[GIVEN RECORDS Boundary: Start]
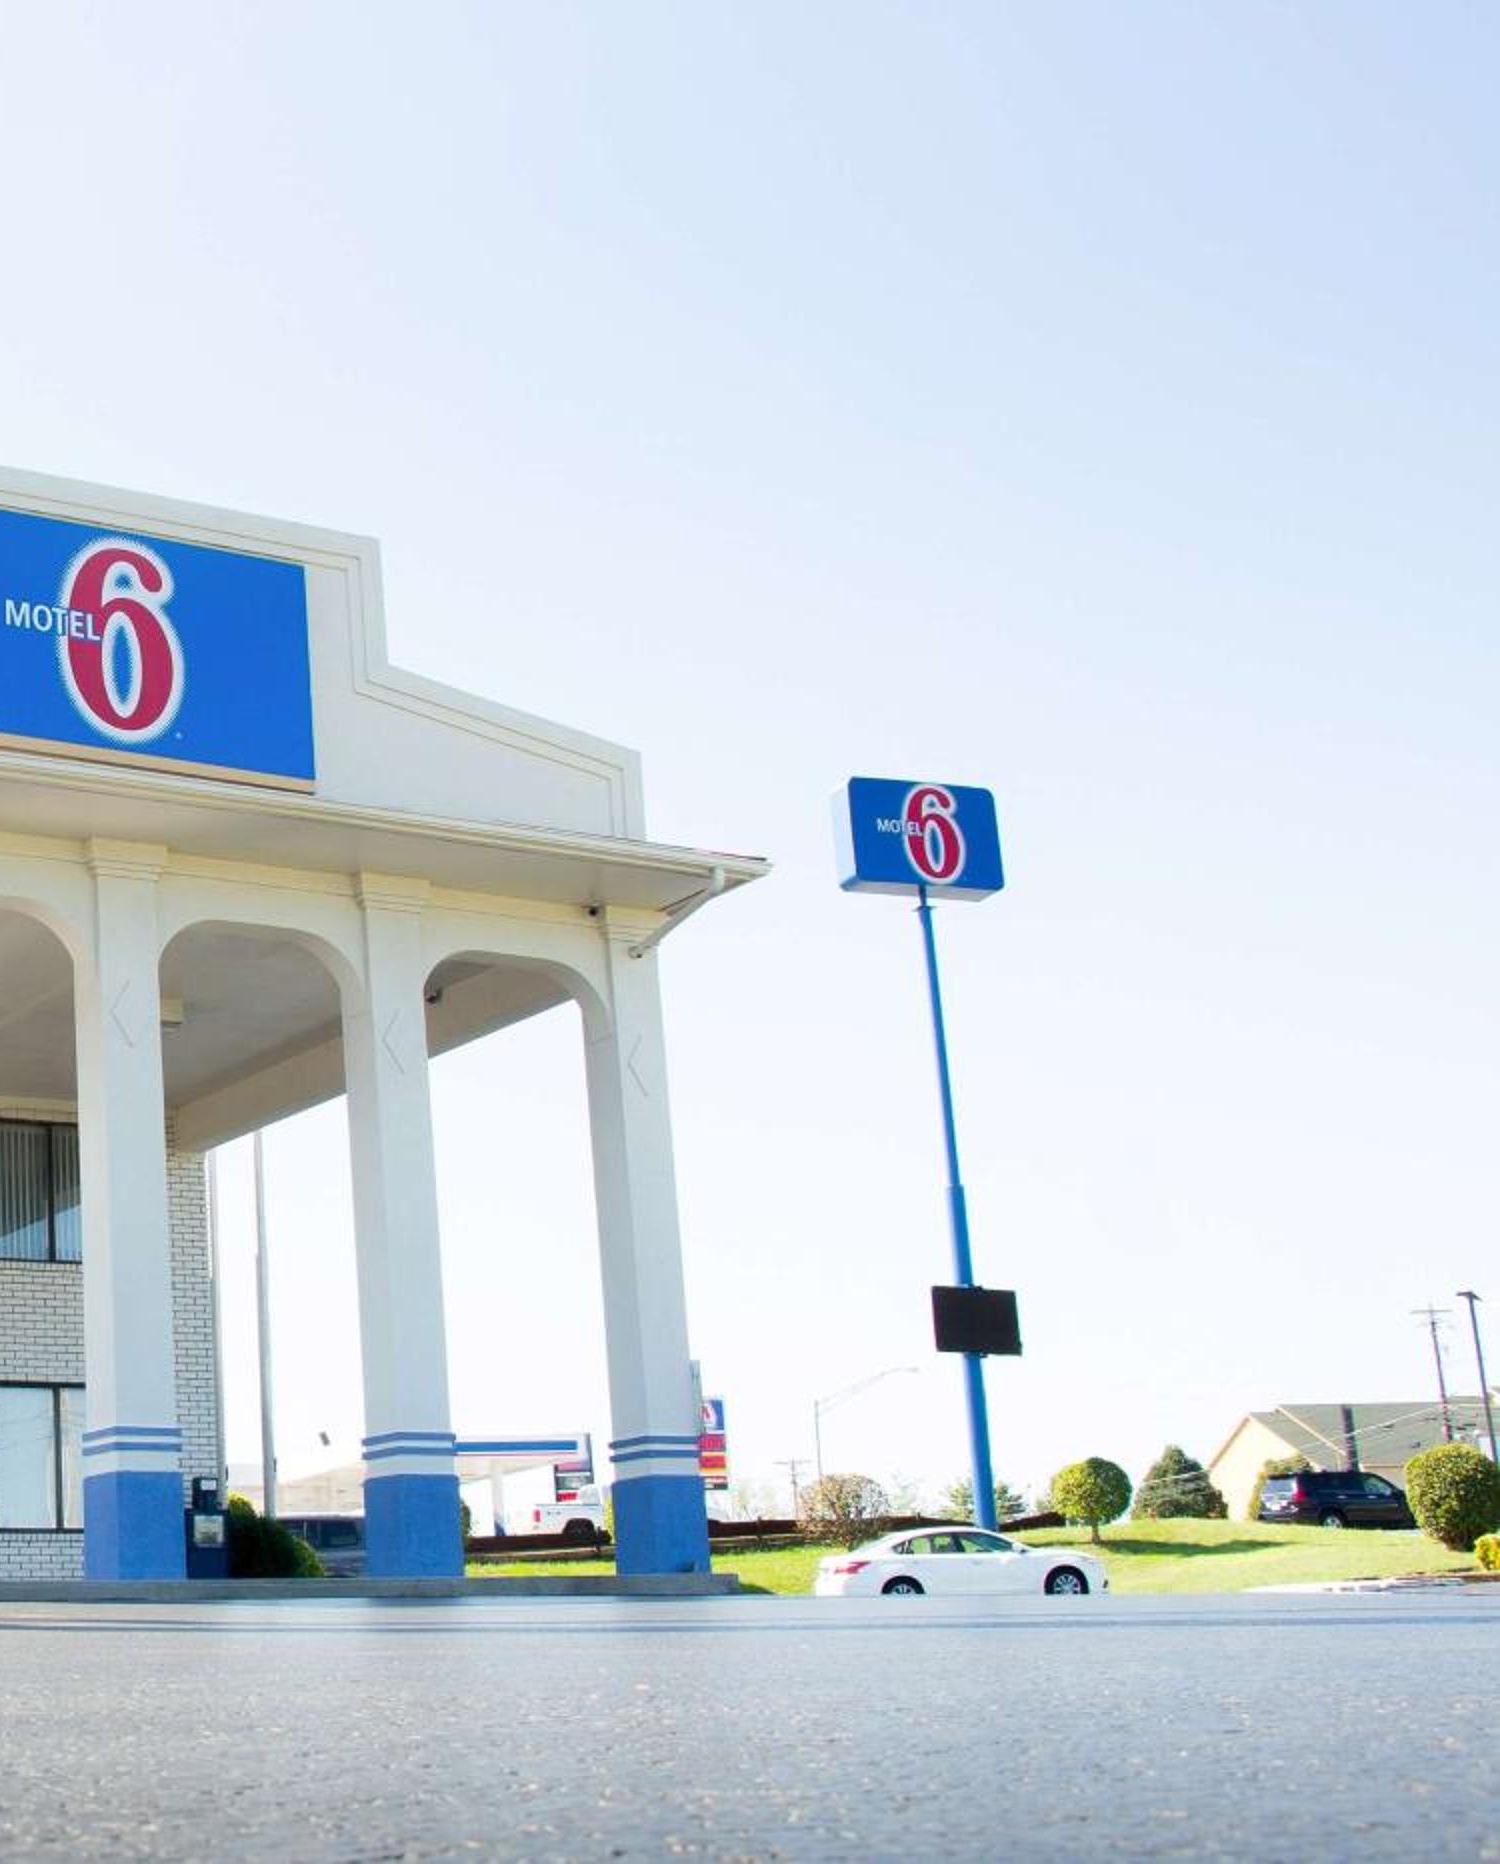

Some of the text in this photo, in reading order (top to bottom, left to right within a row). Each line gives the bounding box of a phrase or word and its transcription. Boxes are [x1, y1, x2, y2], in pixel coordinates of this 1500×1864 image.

[5, 542, 179, 737] MOTEL 6
[904, 786, 963, 882] 6
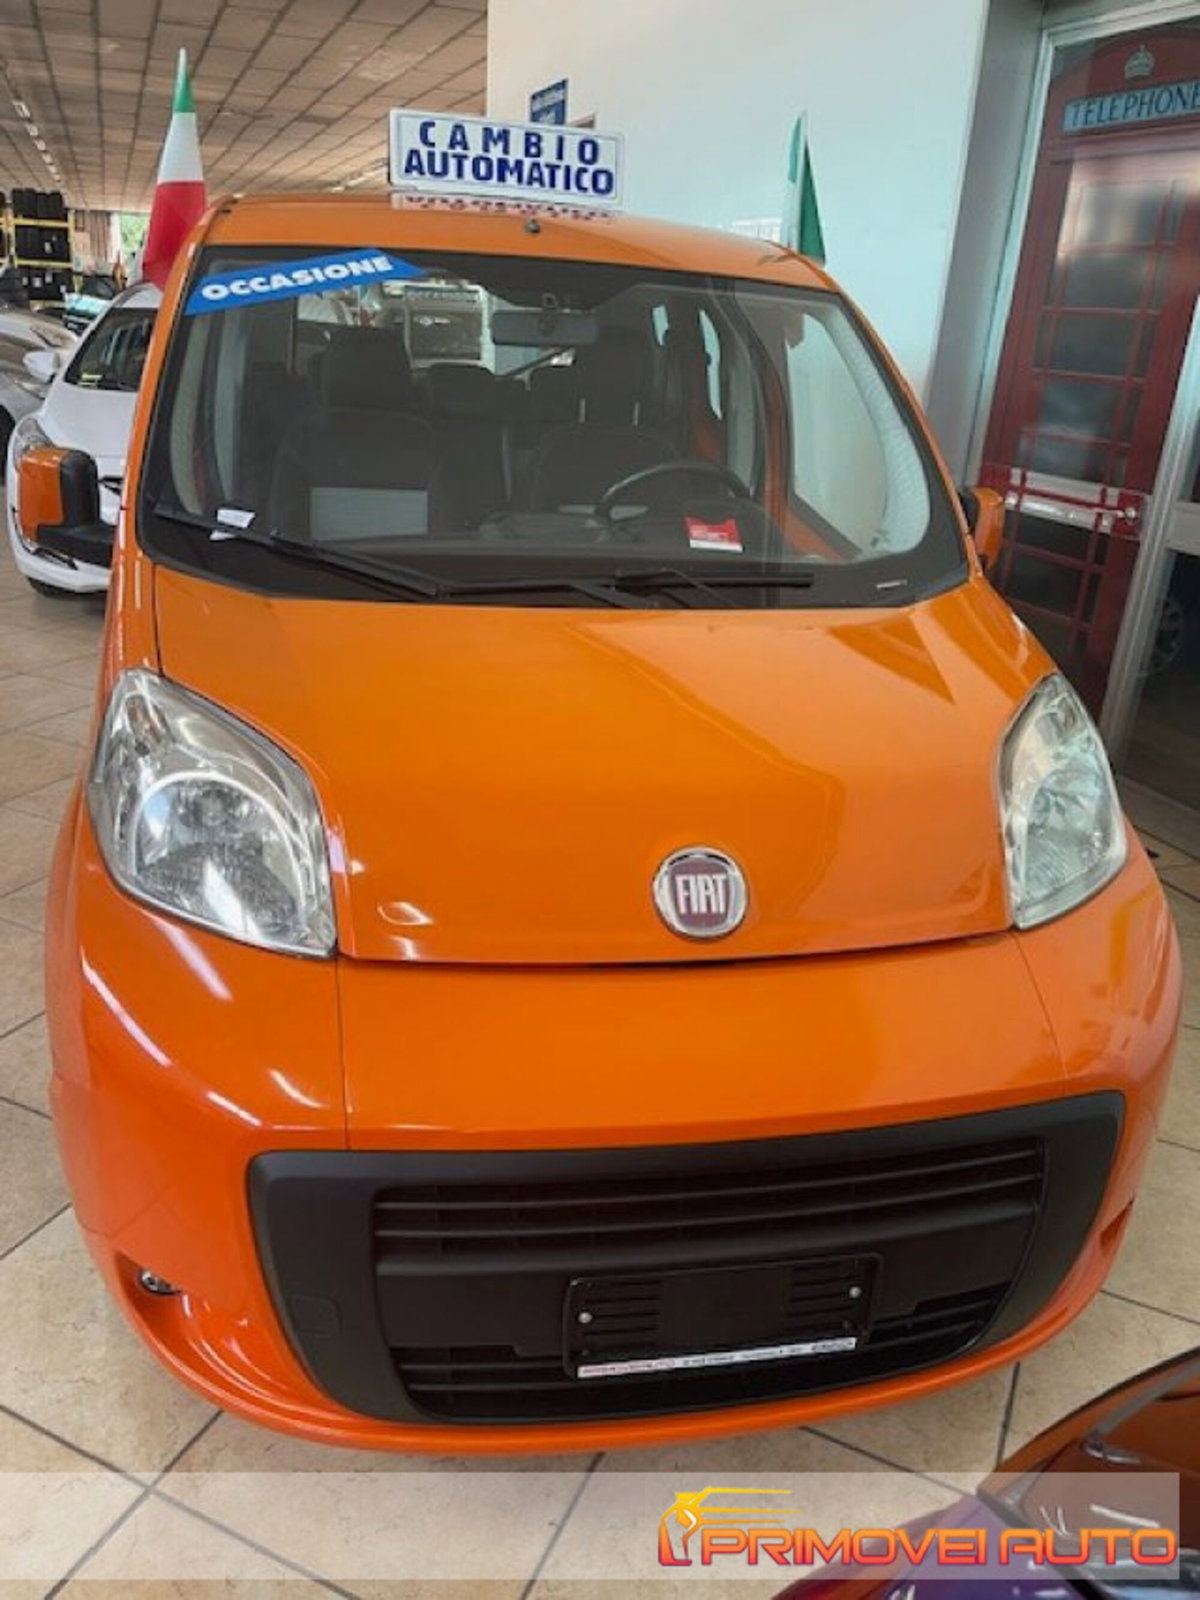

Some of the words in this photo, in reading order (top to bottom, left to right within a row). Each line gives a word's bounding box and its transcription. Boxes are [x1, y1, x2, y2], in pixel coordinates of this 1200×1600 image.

[1069, 83, 1200, 127] TELEPHONE
[419, 120, 600, 166] CAMBIO
[404, 149, 614, 195] AUTOMATICO
[202, 256, 394, 300] OCCASIONE
[675, 873, 727, 915] FIAT
[GIVEN RECORDS Boundary: End]
PROMPT
Please print all of the records above exactly, omitting each picture.

TASK ANSWER
Some of the text in this photo, in reading order (top to bottom, left to right within a row). Each line gives the bounding box of a phrase or word and its transcription. Boxes are [x1, y1, x2, y2], in pixel coordinates of this 1500×1864 image.

[5, 542, 179, 737] MOTEL 6
[904, 786, 963, 882] 6

Some of the words in this photo, in reading order (top to bottom, left to right within a row). Each line gives a word's bounding box and its transcription. Boxes are [x1, y1, x2, y2], in pixel coordinates of this 1200×1600 image.

[1069, 83, 1200, 127] TELEPHONE
[419, 120, 600, 166] CAMBIO
[404, 149, 614, 195] AUTOMATICO
[202, 256, 394, 300] OCCASIONE
[675, 873, 727, 915] FIAT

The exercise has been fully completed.